=== RECORDS FOR PROCESSING ===

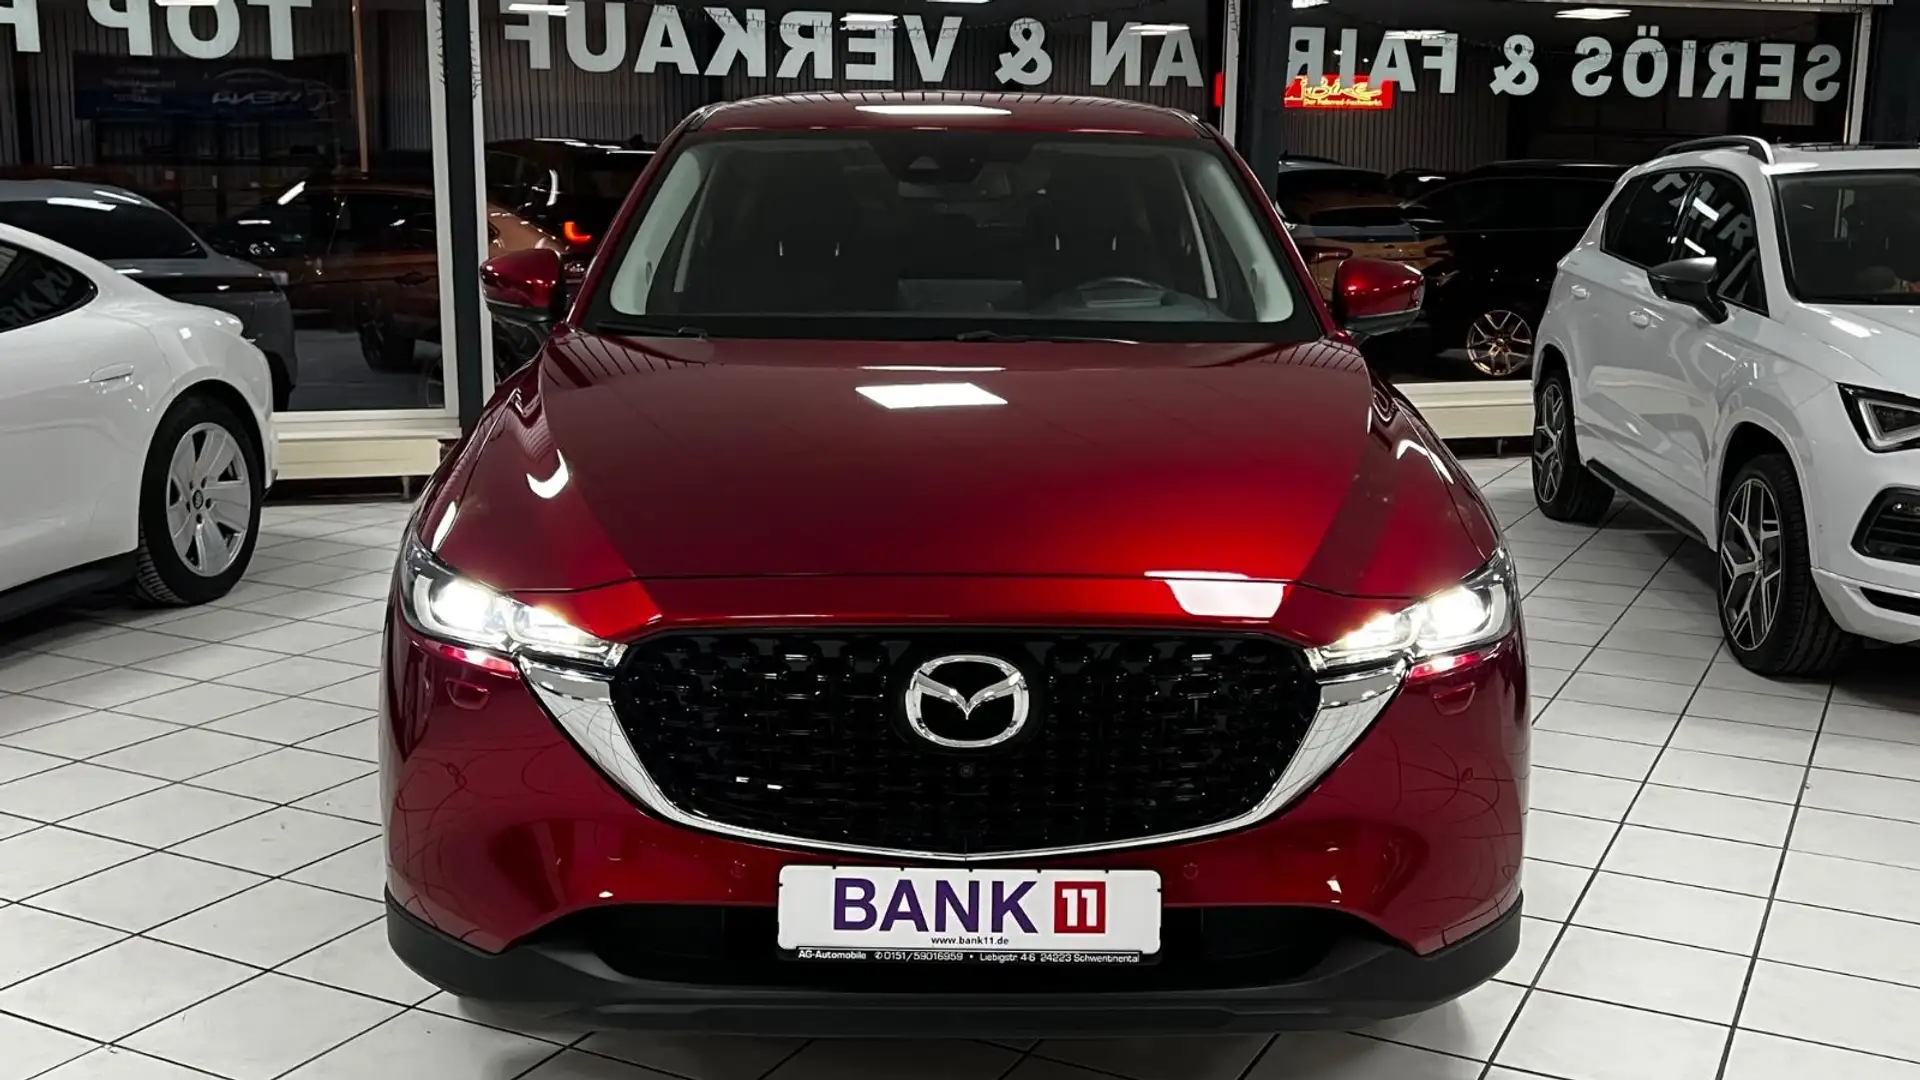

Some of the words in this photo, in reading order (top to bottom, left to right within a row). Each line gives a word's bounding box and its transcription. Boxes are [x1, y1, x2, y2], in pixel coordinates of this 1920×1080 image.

[833, 877, 1038, 933] BANK
[1061, 888, 1098, 927] 11
[931, 936, 1009, 946] www.bank11.de
[798, 950, 867, 960] AG-Automobile
[1039, 953, 1072, 963] 24223

===

WORK ITEM |
Set the listing down in full and exactly. Pictures within it should not appear in the copy.

OUTPUT OF THE EXERCISE |
Some of the words in this photo, in reading order (top to bottom, left to right within a row). Each line gives a word's bounding box and its transcription. Boxes are [x1, y1, x2, y2], in pixel coordinates of this 1920×1080 image.

[833, 877, 1038, 933] BANK
[1061, 888, 1098, 927] 11
[931, 936, 1009, 946] www.bank11.de
[798, 950, 867, 960] AG-Automobile
[1039, 953, 1072, 963] 24223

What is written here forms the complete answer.